Instructions to follow
What you return must match the data below exactly, minus any pictures.

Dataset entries
━━━━━━━━━━━━━━━━━━━━

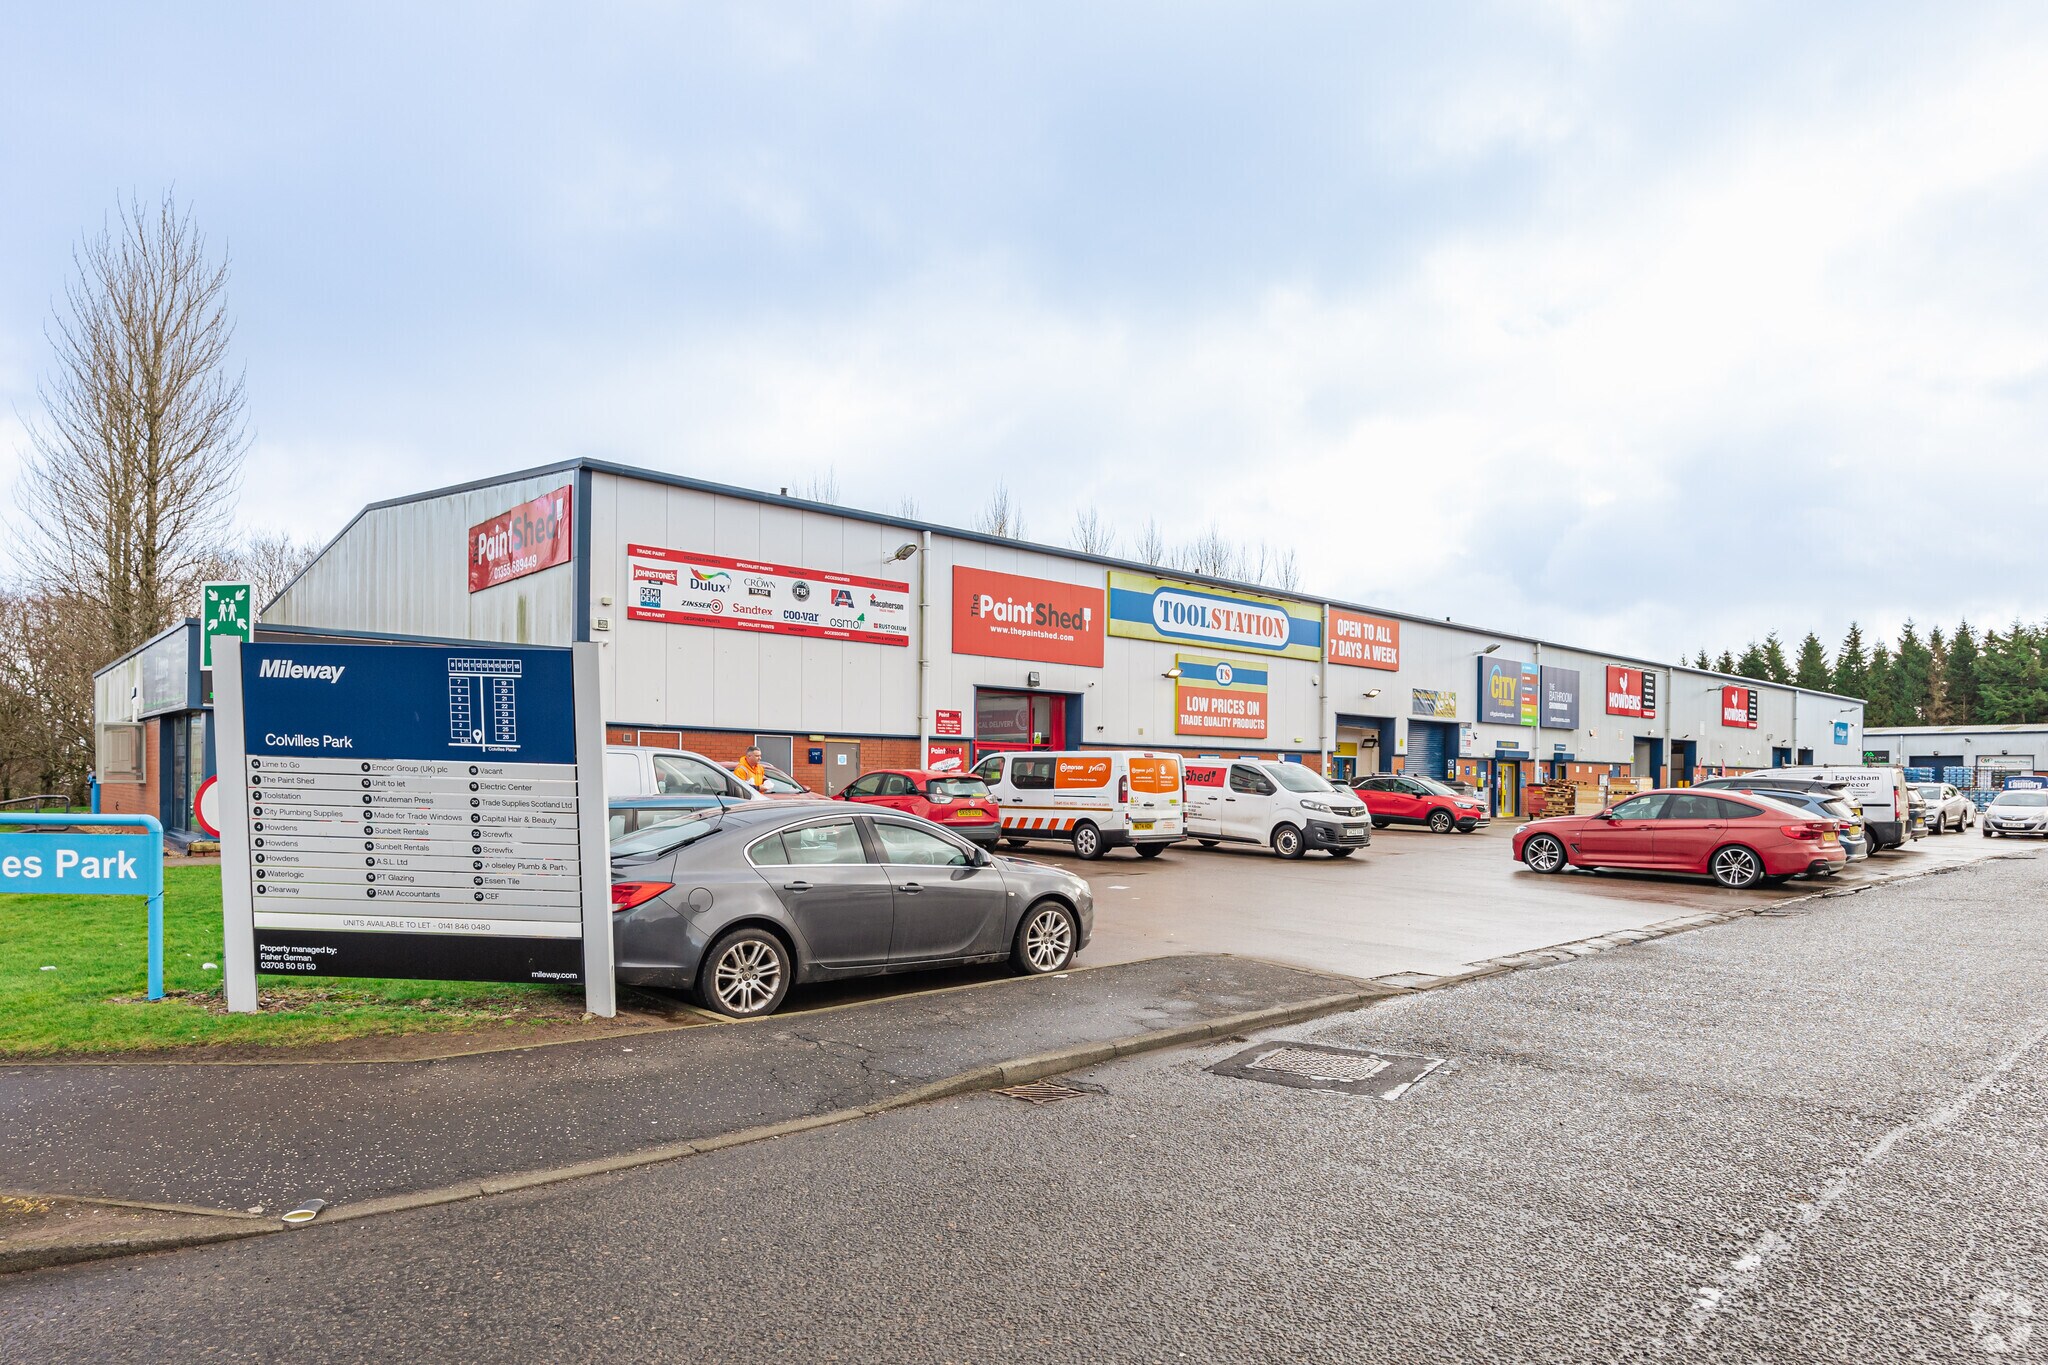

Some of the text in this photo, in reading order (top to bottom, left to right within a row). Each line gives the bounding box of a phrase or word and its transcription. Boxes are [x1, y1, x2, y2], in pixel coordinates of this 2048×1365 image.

[635, 569, 675, 581] JOHNSTONE'S
[690, 578, 726, 593] Dulux
[744, 578, 776, 589] CROWN
[641, 588, 659, 596] DEMI
[641, 595, 661, 603] DEKK
[682, 600, 711, 609] ZINSSER
[733, 603, 773, 616] Sandtex
[870, 600, 904, 610] Macpherson
[971, 594, 979, 616] The
[830, 617, 861, 630] osmo
[1160, 599, 1285, 639] TOOLSTATION
[990, 625, 1074, 641] www.thepaintshed.com
[1337, 619, 1392, 643] OPEN TO ALL
[1331, 639, 1397, 664] 7 DAYS A WEEK
[259, 659, 345, 684] Mileway
[1219, 669, 1231, 681] TS
[1491, 675, 1517, 700] CITY
[1549, 691, 1573, 703] BATHROOM
[1609, 692, 1641, 710] HOWDENS
[1186, 695, 1260, 716] LOW PRICES ON
[1724, 707, 1747, 722] HOWDENS
[989, 720, 1015, 728] DELIVERY
[1180, 714, 1265, 730] TRADE QUALITY PRODUCTS
[265, 733, 353, 748] Colvilles Park
[396, 765, 418, 773] Group
[420, 765, 436, 774] (UK)
[437, 766, 448, 774] plc
[278, 777, 294, 785] Paint
[1185, 770, 1211, 782] Shed
[480, 783, 532, 792] Electric Center
[2009, 780, 2043, 789] Laundry
[373, 796, 413, 804] Minuteman
[502, 800, 530, 808] Supplies
[531, 800, 560, 809] Scotland
[264, 808, 277, 816] City
[279, 808, 311, 818] Plumbing
[314, 810, 343, 819] Supplies
[429, 813, 463, 821] Windows
[482, 815, 507, 824] Capital
[532, 816, 557, 825] Beauty
[375, 827, 429, 836] Sunbelt Rentals
[376, 843, 430, 852] Sunbelt Rentals
[483, 846, 514, 854] Screwfix
[1, 849, 137, 879] es Park
[266, 855, 299, 863] Howdens
[267, 870, 304, 879] Waterlogic
[388, 874, 415, 883] Glazing
[267, 886, 299, 895] Clearway
[396, 890, 440, 898] Accountants
[343, 919, 364, 927] UNITS
[367, 920, 404, 928] AVAILABLE
[260, 944, 337, 955] Property managed by:
[260, 953, 312, 962] Fisher German
[260, 962, 284, 970] 03708
[306, 963, 317, 971] 50
[531, 971, 577, 980] mileway.com

━━━━━━━━━━━━━━━━━━━━

Result of this task
Some of the text in this photo, in reading order (top to bottom, left to right within a row). Each line gives the bounding box of a phrase or word and its transcription. Boxes are [x1, y1, x2, y2], in pixel coordinates of this 2048×1365 image.

[635, 569, 675, 581] JOHNSTONE'S
[690, 578, 726, 593] Dulux
[744, 578, 776, 589] CROWN
[641, 588, 659, 596] DEMI
[641, 595, 661, 603] DEKK
[682, 600, 711, 609] ZINSSER
[733, 603, 773, 616] Sandtex
[870, 600, 904, 610] Macpherson
[971, 594, 979, 616] The
[830, 617, 861, 630] osmo
[1160, 599, 1285, 639] TOOLSTATION
[990, 625, 1074, 641] www.thepaintshed.com
[1337, 619, 1392, 643] OPEN TO ALL
[1331, 639, 1397, 664] 7 DAYS A WEEK
[259, 659, 345, 684] Mileway
[1219, 669, 1231, 681] TS
[1491, 675, 1517, 700] CITY
[1549, 691, 1573, 703] BATHROOM
[1609, 692, 1641, 710] HOWDENS
[1186, 695, 1260, 716] LOW PRICES ON
[1724, 707, 1747, 722] HOWDENS
[989, 720, 1015, 728] DELIVERY
[1180, 714, 1265, 730] TRADE QUALITY PRODUCTS
[265, 733, 353, 748] Colvilles Park
[396, 765, 418, 773] Group
[420, 765, 436, 774] (UK)
[437, 766, 448, 774] plc
[278, 777, 294, 785] Paint
[1185, 770, 1211, 782] Shed
[480, 783, 532, 792] Electric Center
[2009, 780, 2043, 789] Laundry
[373, 796, 413, 804] Minuteman
[502, 800, 530, 808] Supplies
[531, 800, 560, 809] Scotland
[264, 808, 277, 816] City
[279, 808, 311, 818] Plumbing
[314, 810, 343, 819] Supplies
[429, 813, 463, 821] Windows
[482, 815, 507, 824] Capital
[532, 816, 557, 825] Beauty
[375, 827, 429, 836] Sunbelt Rentals
[376, 843, 430, 852] Sunbelt Rentals
[483, 846, 514, 854] Screwfix
[1, 849, 137, 879] es Park
[266, 855, 299, 863] Howdens
[267, 870, 304, 879] Waterlogic
[388, 874, 415, 883] Glazing
[267, 886, 299, 895] Clearway
[396, 890, 440, 898] Accountants
[343, 919, 364, 927] UNITS
[367, 920, 404, 928] AVAILABLE
[260, 944, 337, 955] Property managed by:
[260, 953, 312, 962] Fisher German
[260, 962, 284, 970] 03708
[306, 963, 317, 971] 50
[531, 971, 577, 980] mileway.com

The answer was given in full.